Pick a menu, billboard, or dashboard and hunt for hierarchy, spacing, and rhythm. Ask where the eye lands first, and why. Circle crowded areas, underline generous margins, and compare two versions. This tiny investigation habit builds intuition, so you can make cleaner notes, clearer slides, and diagrams that feel trustworthy without specialized training.
Hierarchy just means choosing what matters first. Use bigger type or bolder strokes for headlines, medium emphasis for key points, and lighter weight for supporting details. In sketches, thicker outlines and darker fills draw attention immediately. Practice stacking importance into three levels, then check if someone new can retell the message in seconds.
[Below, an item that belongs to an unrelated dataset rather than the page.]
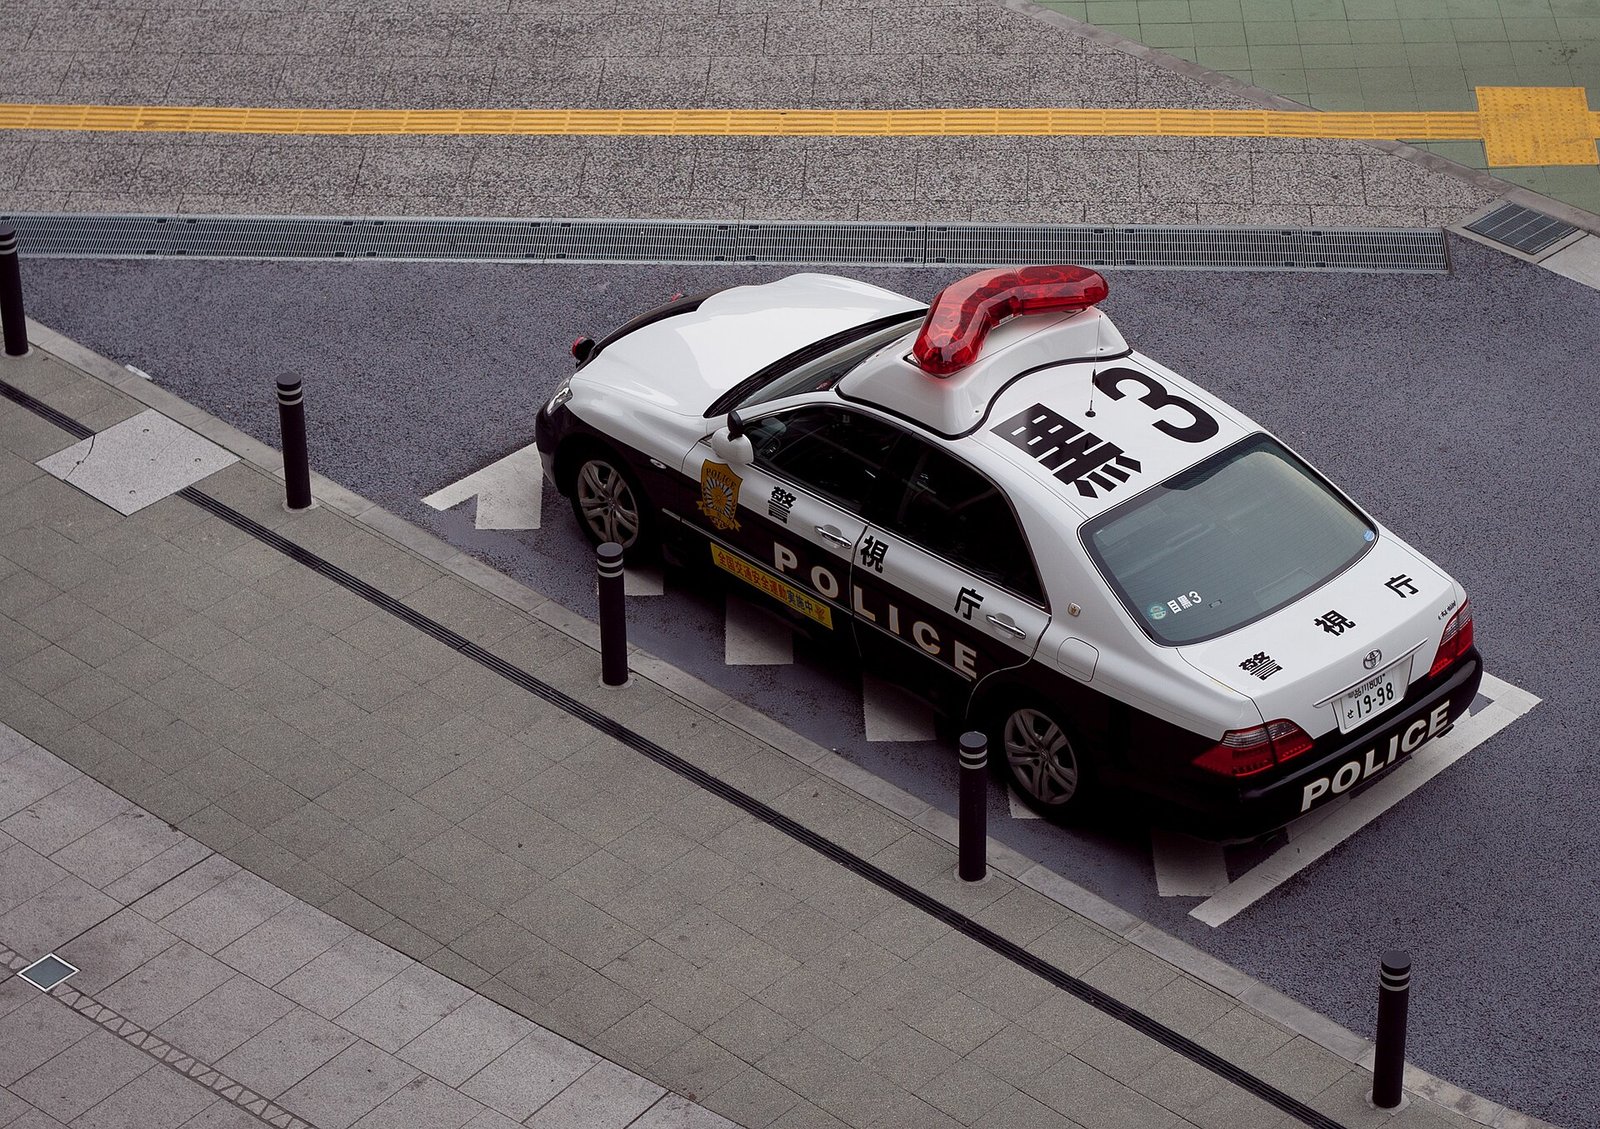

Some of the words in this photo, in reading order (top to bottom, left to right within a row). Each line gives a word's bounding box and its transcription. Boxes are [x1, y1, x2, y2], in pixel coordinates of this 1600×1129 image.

Contrast creates difference, repetition builds unity, alignment organizes relationships, and proximity groups ideas that belong together. Together these principles act like gravity for the page. Even rough sticky‑note layouts become surprisingly persuasive when you apply them intentionally. Start small: line up edges, repeat headings, keep related notes closer, and contrast the action item so nobody misses it.
Master the dot, line, triangle, rectangle, and circle. These five shapes build almost anything: timelines, funnels, maps, buttons, people, and devices. Add arrows for motion and stars for emphasis. Keep strokes consistent and labels short. By limiting yourself to familiar geometry, you think about meaning instead of decoration, producing sharper thinking with every stroke.
Turn long sentences into a headline, three bullets, and one picture. Replace vague verbs with icons—decide, ship, test, learn. Use arrows for cause and effect, dashed lines for alternatives, and borders to frame outcomes. This compression forces clarity, making handoffs faster. Take meeting notes this way for one week and notice comprehension jump dramatically.
Stick figures and bean people communicate emotion and roles brilliantly. A circle head, rectangle body, and angled lines show motion; tiny props like a laptop, wrench, or clipboard signal context. Facial marks convey mood in seconds. Use ensembles to show collaboration, conflict, or support. Nobody needs anatomy lessons—just clear intent, confident strokes, and labels.